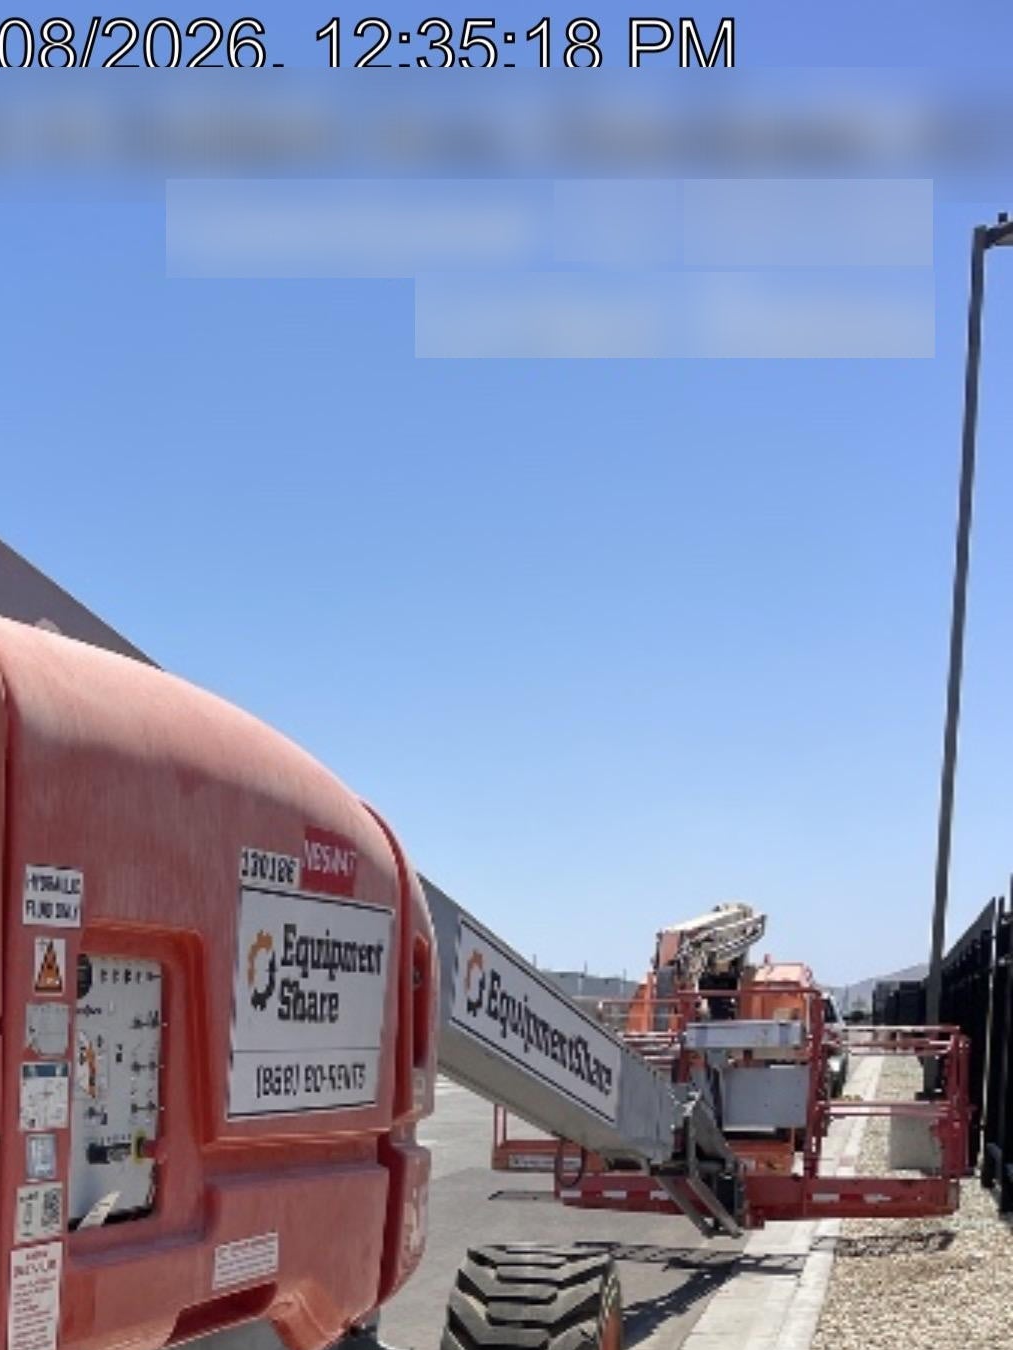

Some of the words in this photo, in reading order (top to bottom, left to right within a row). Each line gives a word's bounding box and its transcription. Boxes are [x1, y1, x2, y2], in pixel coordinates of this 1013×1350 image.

[280, 923, 384, 981] Equipment
[278, 977, 339, 1024] Share
[485, 968, 613, 1096] EquipmentShare
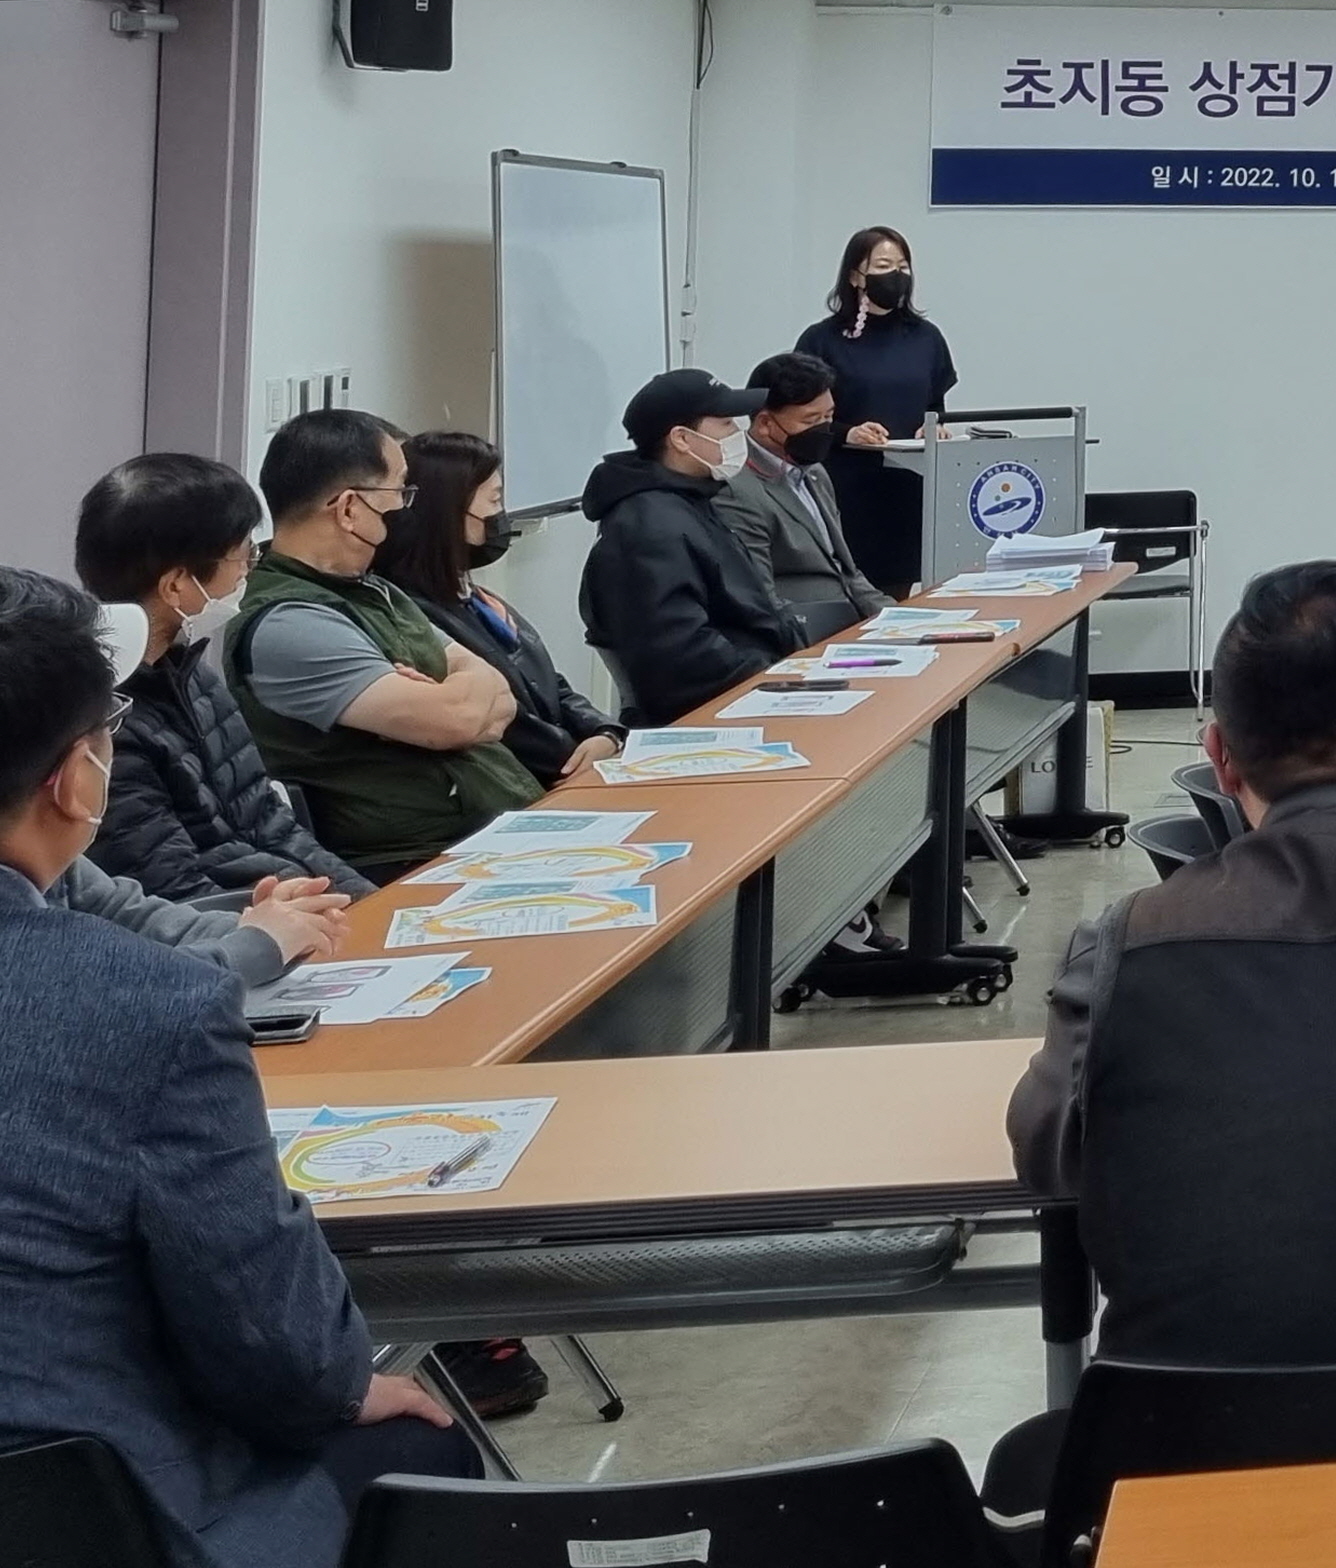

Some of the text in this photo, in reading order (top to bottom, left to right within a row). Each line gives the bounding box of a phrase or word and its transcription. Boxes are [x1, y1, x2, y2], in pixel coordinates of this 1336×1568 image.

[1000, 58, 1169, 118] 초지동
[1151, 165, 1171, 189] 일
[1178, 166, 1199, 189] 시
[1220, 167, 1280, 189] 2022.
[1289, 168, 1321, 188] 10.
..........
_Exercise directions:_
Copy the listing exactly, omitting pictures.

_Output of the exercise:_
Some of the words in this photo, in reading order (top to bottom, left to right within a row). Each line gives a word's bounding box and its transcription. Boxes are [x1, y1, x2, y2], in pixel coordinates of this 1013×1350 image.

[280, 923, 384, 981] Equipment
[278, 977, 339, 1024] Share
[485, 968, 613, 1096] EquipmentShare

Some of the text in this photo, in reading order (top to bottom, left to right within a row). Each line gives the bounding box of a phrase or word and its transcription. Boxes are [x1, y1, x2, y2], in pixel coordinates of this 1336×1568 image.

[1000, 58, 1169, 118] 초지동
[1151, 165, 1171, 189] 일
[1178, 166, 1199, 189] 시
[1220, 167, 1280, 189] 2022.
[1289, 168, 1321, 188] 10.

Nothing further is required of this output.